May 25, 1949
Dr. G. E. Burch
Department of Medicine
The Tulane University of Louisiana
New Orleans 13, Louisiana
Dear Dr. Burch:
I am very pleased to have your letter of May 20. I have talked with Dr. Harvey Itano
about the details of the method of sending us sickle cell anemia blood, and our suggestions
are presented below.
We would like to have two or three units of, if possible, as large as 100 cc. of sickle
cell anemia blood as soon as they can conveniently be sent, in order that some preliminary
tests of the methods to be used in further investigations could be made. Then we
would like to have a larger quantity, as close to 1000 cc. as possible, for the next
stage of the investigation. The individual units that would be pooled to make this
larger quantity could be sent on to us when they are collected, and stored by us until
the pool can be made. We are planning to make electrophoretic tests of the units
from separate patients before pooling these units. Could you also identify the patients
from whom the units are taken, in case that we find some interesting abnormality.
We suggest that the units could be shipped to us is small vacuum bottles, probably
the one-half pint size. Any effective anti-coagulent could be added to the blood.
It might be worth while to dilute the blood with normal saline solution to a volume
such as to fill the bottle leaving only a little extra air space, and I suppose that
it would be desirable to tape the stopper in the bottle, in order to avoid possible
loss through expulsion of the stopper at high altitude. The bottles and the contents
could be chilled shortly before packing and shipping by Air Express.
I suggest that you telegraph us collect when a shipment is to be made, giving, if
possible, the number of the flight. It would be all right for the shipments to reach
us on any weekday, but probably not on Sunday.
If it is not extra trouble for you would you purchase a supply of the Thermos bottles,
and submit the bill to us for reimbursement, along with a statement of other expenses
involved in the collection and shipping of the blood.

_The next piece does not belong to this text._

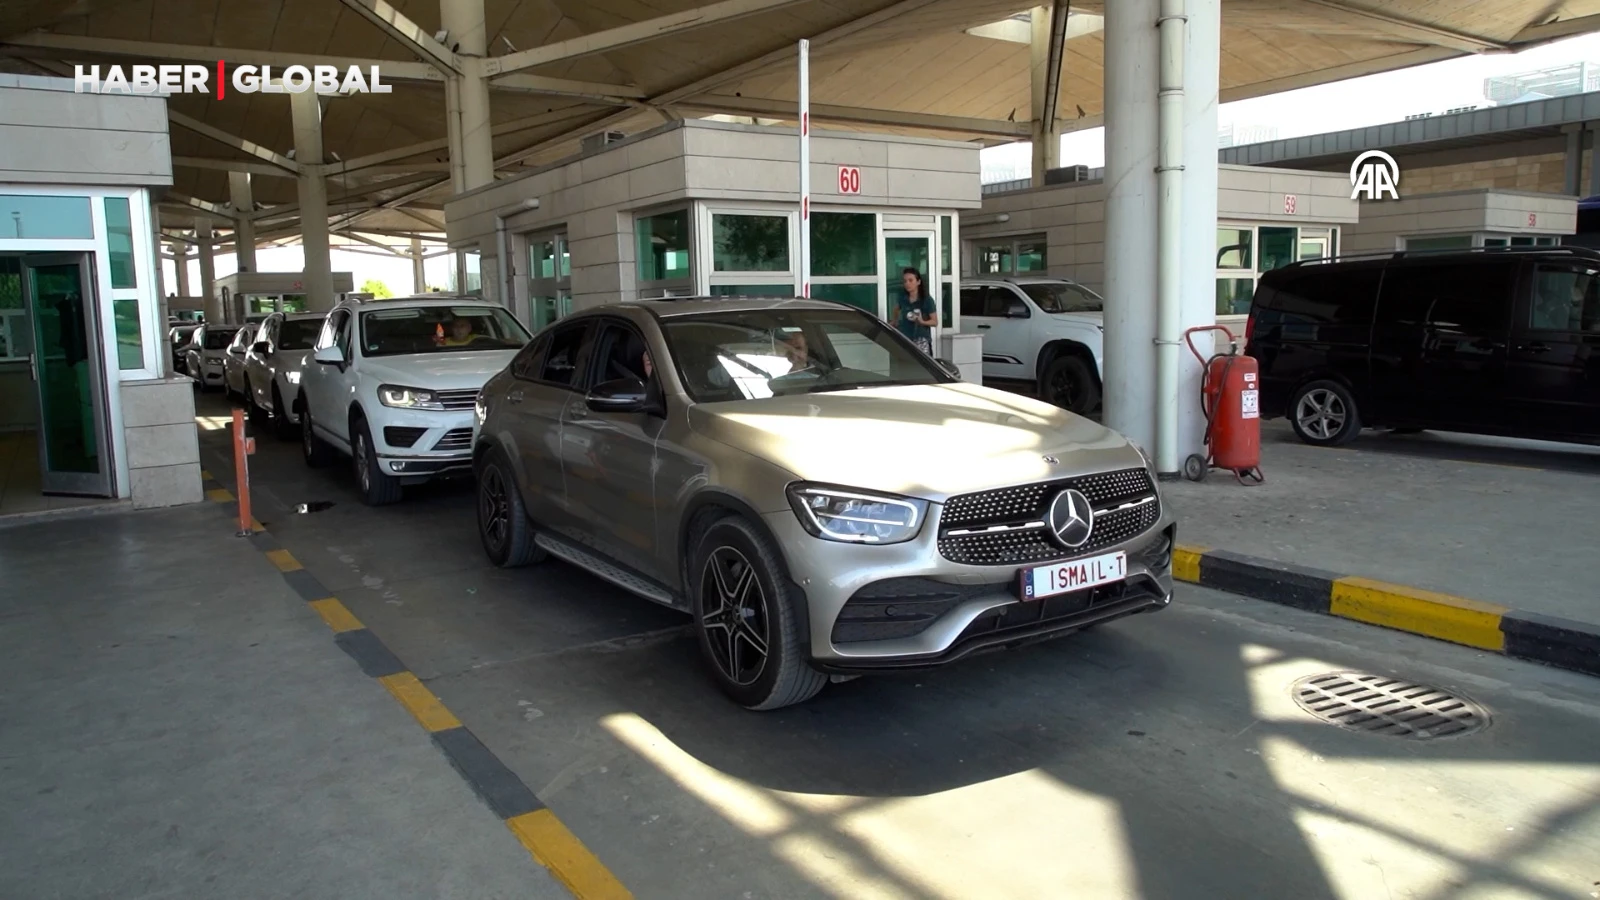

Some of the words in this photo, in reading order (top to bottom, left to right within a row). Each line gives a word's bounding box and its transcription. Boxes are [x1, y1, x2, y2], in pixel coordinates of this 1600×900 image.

[840, 168, 859, 192] 60
[1285, 196, 1295, 213] 59
[1025, 585, 1033, 596] B
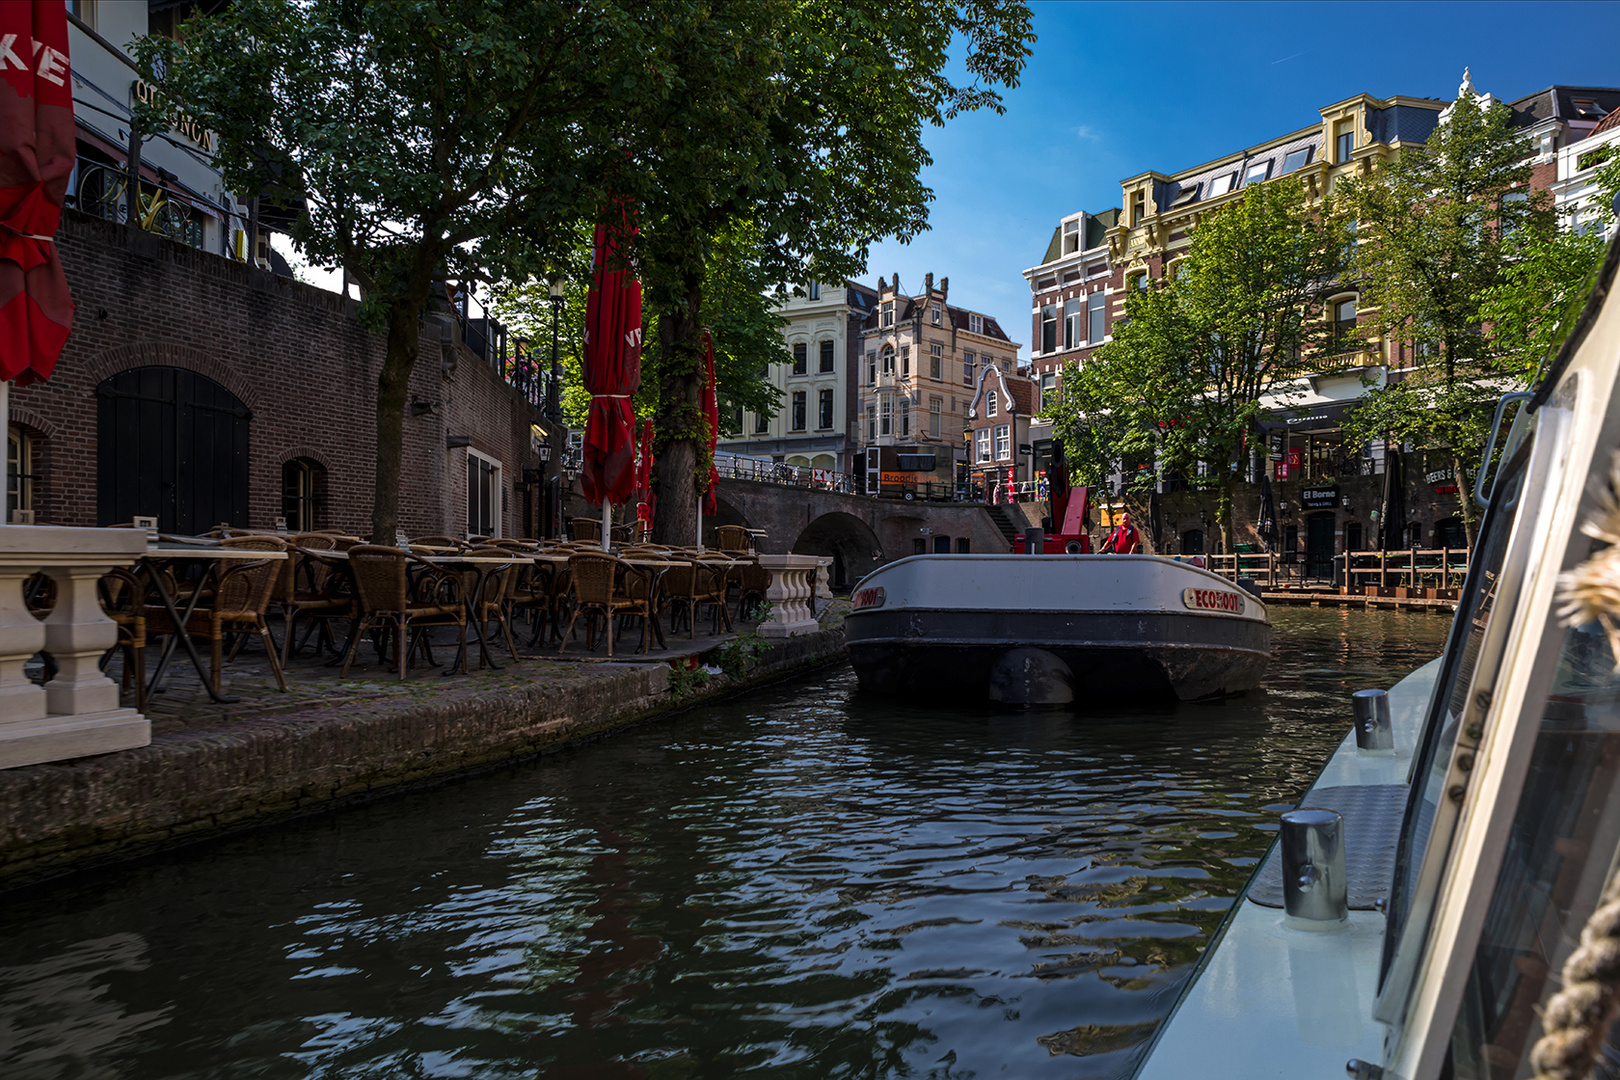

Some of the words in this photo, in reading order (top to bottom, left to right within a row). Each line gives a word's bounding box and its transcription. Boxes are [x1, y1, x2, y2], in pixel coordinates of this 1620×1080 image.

We are so well pleased with the results of our sickle cell disease that we would like
to make some similar studies on other abnormalities of
Dr. Burch -2- 5/25/49
the red cells, in case that we could obtain material. Would you keep on the lookout
for patients with ovalocytosis, and also for patients with Mediterranean anemia, and
collect samples of blood from these patients for our studies? We are planning to
extend our studies of abnormal hemoglobin to include magnetic investigations and other
special types of physical-chemical investigations.
I am hoping to be able to see you next Tuesday. We are grateful to you for assisting
with our problem - we have had great trouble in getting sufficient sickle cell anemic
blood locally to permit our work to go on at a suitable rate.